You see, when you say "passing data" to the other program, you might be [a] tricking the other process into copying what you put in front of it, [b] tricking the other program into letting you overwrite its normally 'private' memory, or [c] some other approach. No matter which is the case, if the other program can take your larger data, there is a way to get it to them.
I find KIV's trick quite usable. Though, I would suggest investigating the pointer issue first.
If you look at the malloc implementations
(check this IBM article, Listing 5: Pseudo-code for the main allocator),
When you allocate, the memory manager allocates a control header and
then free space following it based on your requested size.
This is very much like saying,
typedef struct _MyData
{
int size;
char Data[1]; // we are going to break the array-bound up-to size length
} MyData;
Now, your problem is,
How do you pass such a (mis-sized?) structure to this other process?
That brings us the the question,
How does the other process figure out the size of this data?
I would expect a length field as part of the communication.
If you have all that, whats wrong with passing a pointer to the other process?
Will the other process identify the difference between a pointer to a
structure and that to a allocated memory?
You cant reacolate manualy.
You can do some tricks wich i was uning when i was working aon simple data holding sistem. (very simple filesystem).
typedef struct
{
int index ;
char x[250];
} data_ztorage_250_char;
typedef struct
{
int index;
char x[1000];
} data_ztorage_1000_char;
int main(void)
{
char just_raw_data[sizeof(data_ztorage_1000_char)];
data_ztorage_1000_char* big_struct;
data_ztorage_250_char* small_struct;
big_struct = (data_ztorage_1000_char*)big_struct; //now you have bigg struct
// notice that upper line is same as writing
// big_struct = (data_ztorage_1000_char*)(&just_raw_data[0]);
small_struct = (data_ztorage_250_char*)just_raw_data;//now you have small struct
//both structs starts at same locations and they share same memory
//addresing data is
small_struct -> index = 250;
}
You don't state what the Index value is for.

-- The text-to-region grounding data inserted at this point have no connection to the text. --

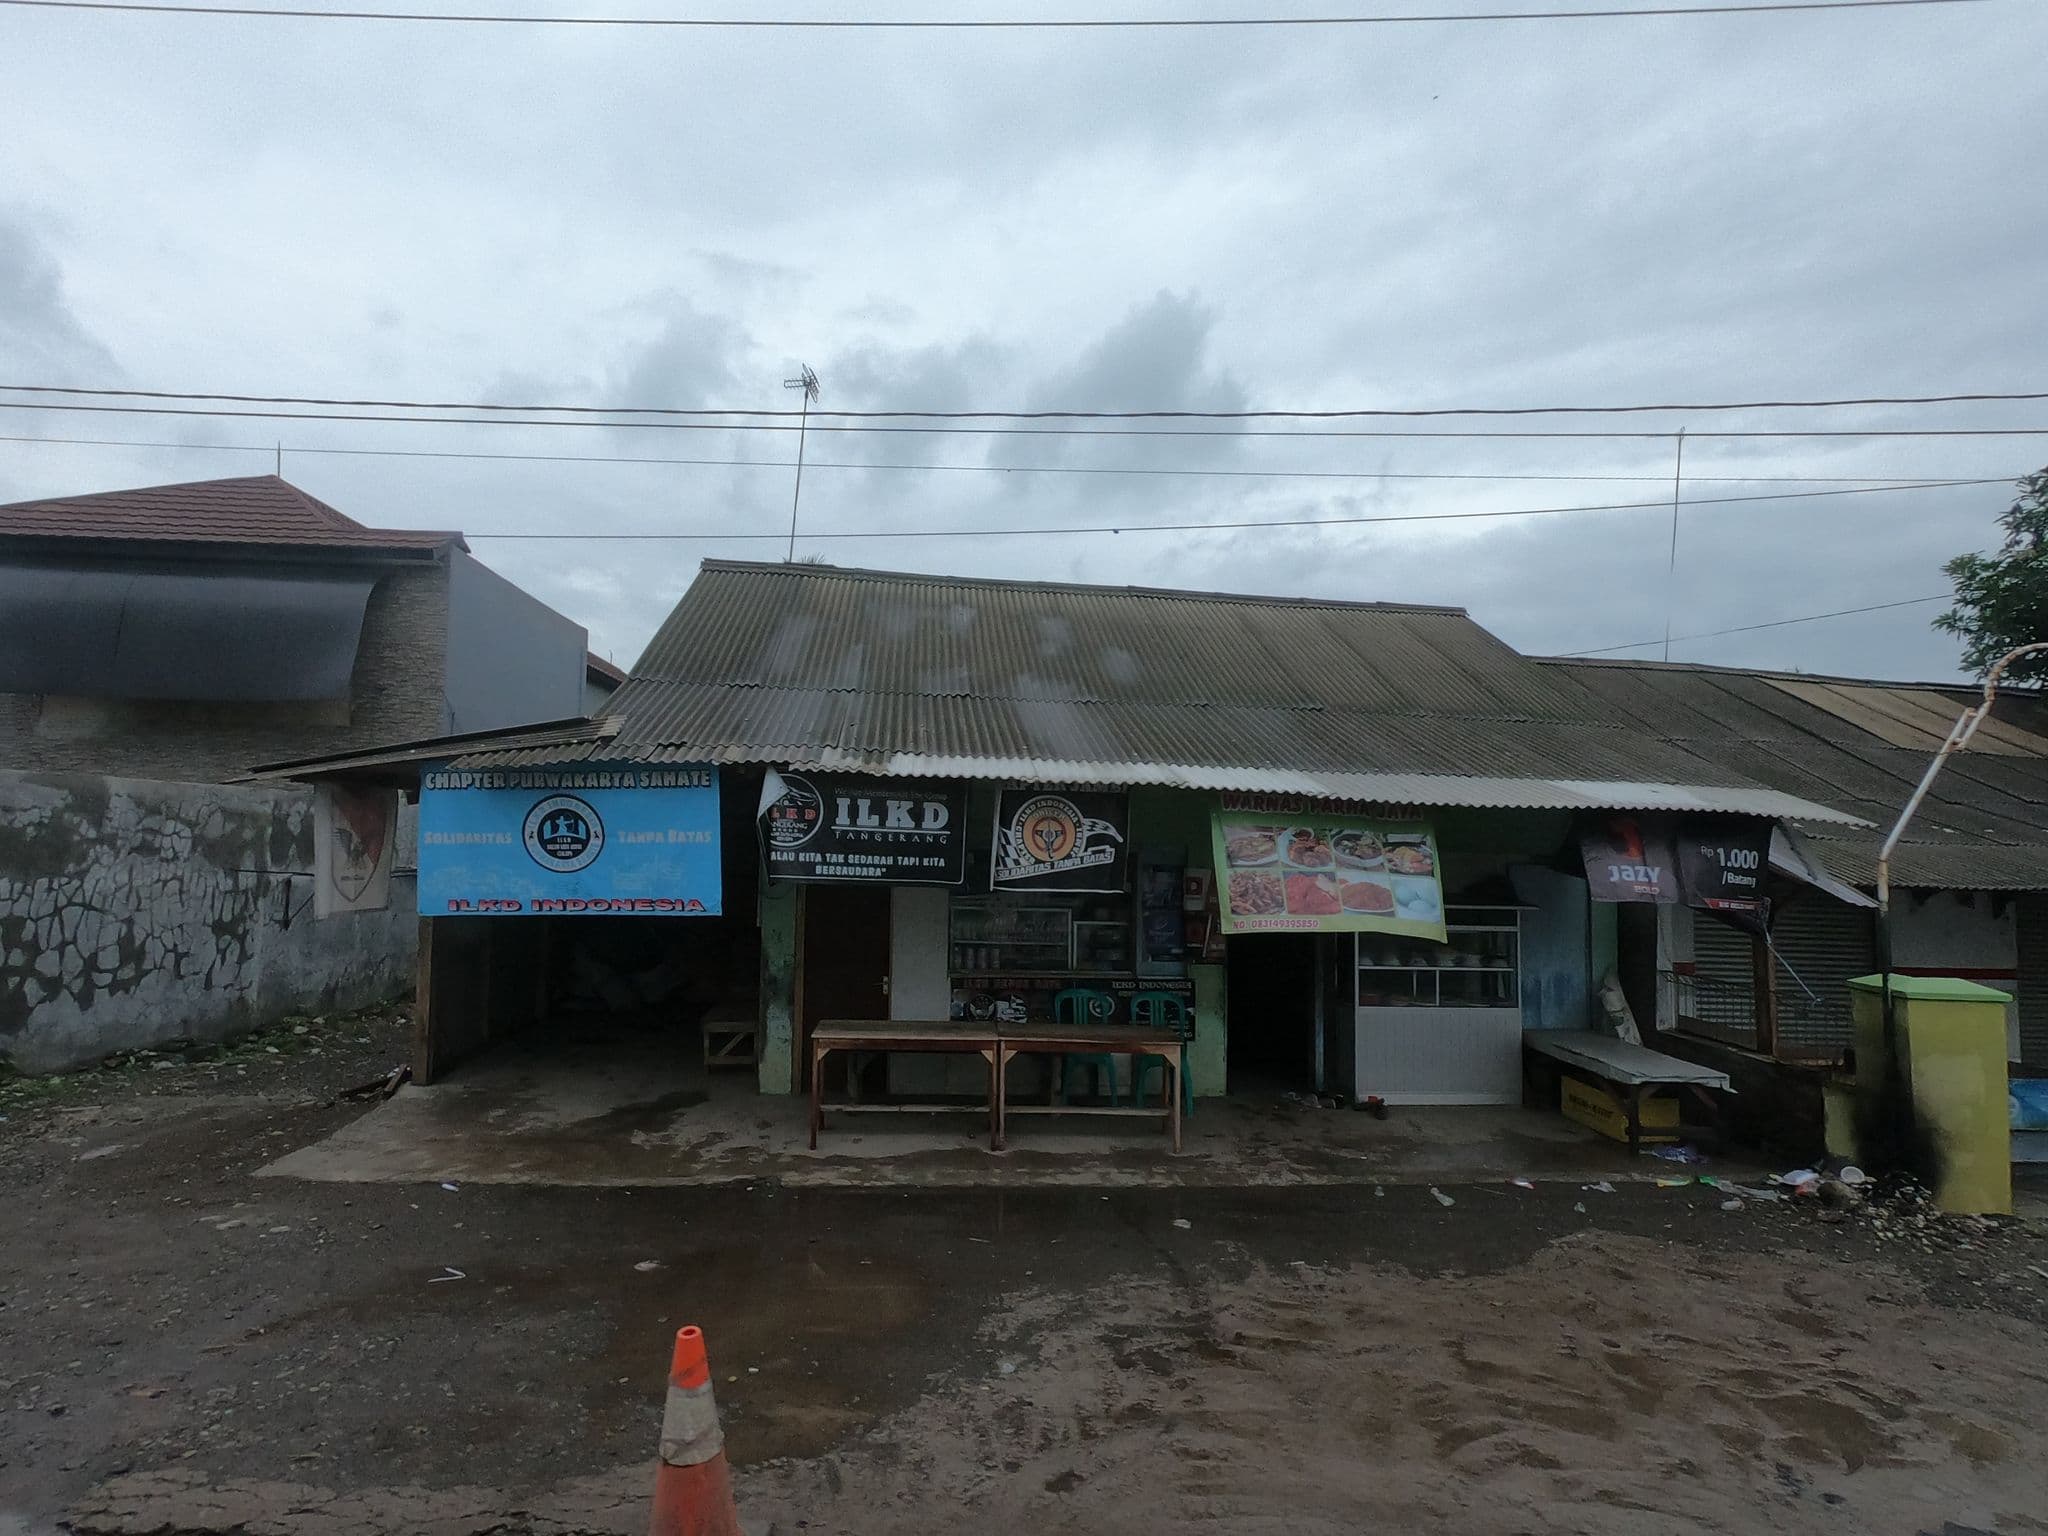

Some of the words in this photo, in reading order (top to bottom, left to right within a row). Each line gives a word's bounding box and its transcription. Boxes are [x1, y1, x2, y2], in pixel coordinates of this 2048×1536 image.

[424, 772, 506, 789] CHAPTER
[509, 771, 636, 789] PURWAKARTA
[835, 797, 950, 829] ILKD
[834, 831, 948, 845] TANGERANG
[798, 852, 822, 863] KITA
[824, 853, 845, 863] TAK
[848, 854, 894, 866] SEDARAH
[897, 856, 919, 867] TAPI
[922, 857, 945, 868] KITA
[996, 862, 1051, 880] SOLIDARITAS
[1053, 856, 1082, 870] TANPA
[1083, 850, 1113, 865] BATAS
[1700, 845, 1714, 859] Rp
[1717, 847, 1759, 870] 1.000
[448, 898, 522, 912] ILKD
[531, 898, 707, 913] INDONESIA
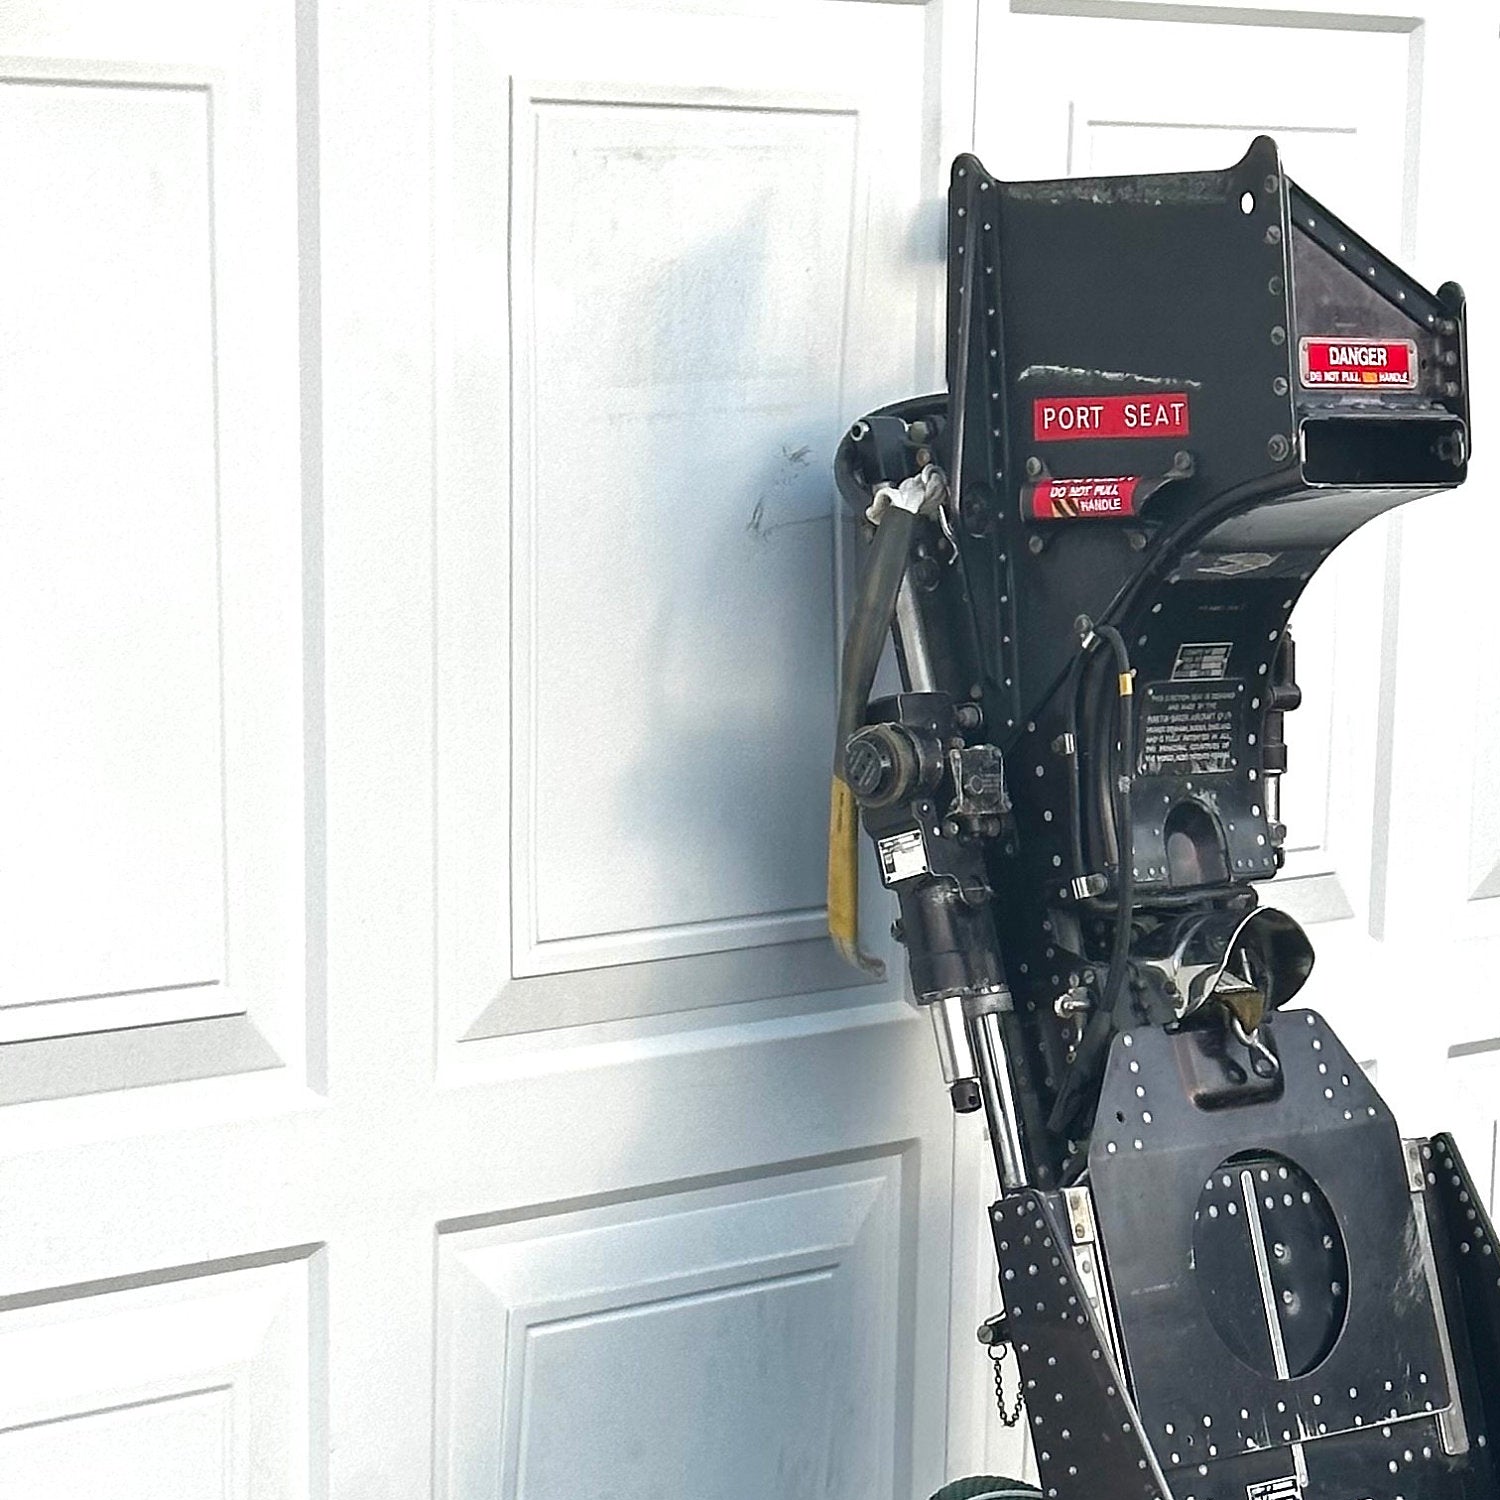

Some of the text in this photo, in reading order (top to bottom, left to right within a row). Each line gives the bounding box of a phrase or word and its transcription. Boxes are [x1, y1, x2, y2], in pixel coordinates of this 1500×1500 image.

[1329, 347, 1387, 366] DANGER
[1310, 371, 1408, 383] DO NOT PULL HANDLE
[1043, 403, 1185, 429] PORT SEAT
[1050, 485, 1119, 498] DO NOT PULL
[1080, 498, 1121, 511] HANDLE

As I understand it you are passing data to another program using the structure shown.
Is there a reason why you can't break your data to send into chunks of 256bytes and then set the index value accordingly? e.g.
Data is 512 bytes so you send one struct with the first 256 bytes and index=0, then another with the next 256 bytes in your array and Index=1.
How about a really, really simple solution? Could you do:
typedef struct _MyData
{
char Data[1024];
int Index;
} MyData;
I have a feeling I know your response will be "No, because the other program I don't have control over expects 256 bytes"... And if that is indeed your answer to my answer, then my answer becomes: this is impossible.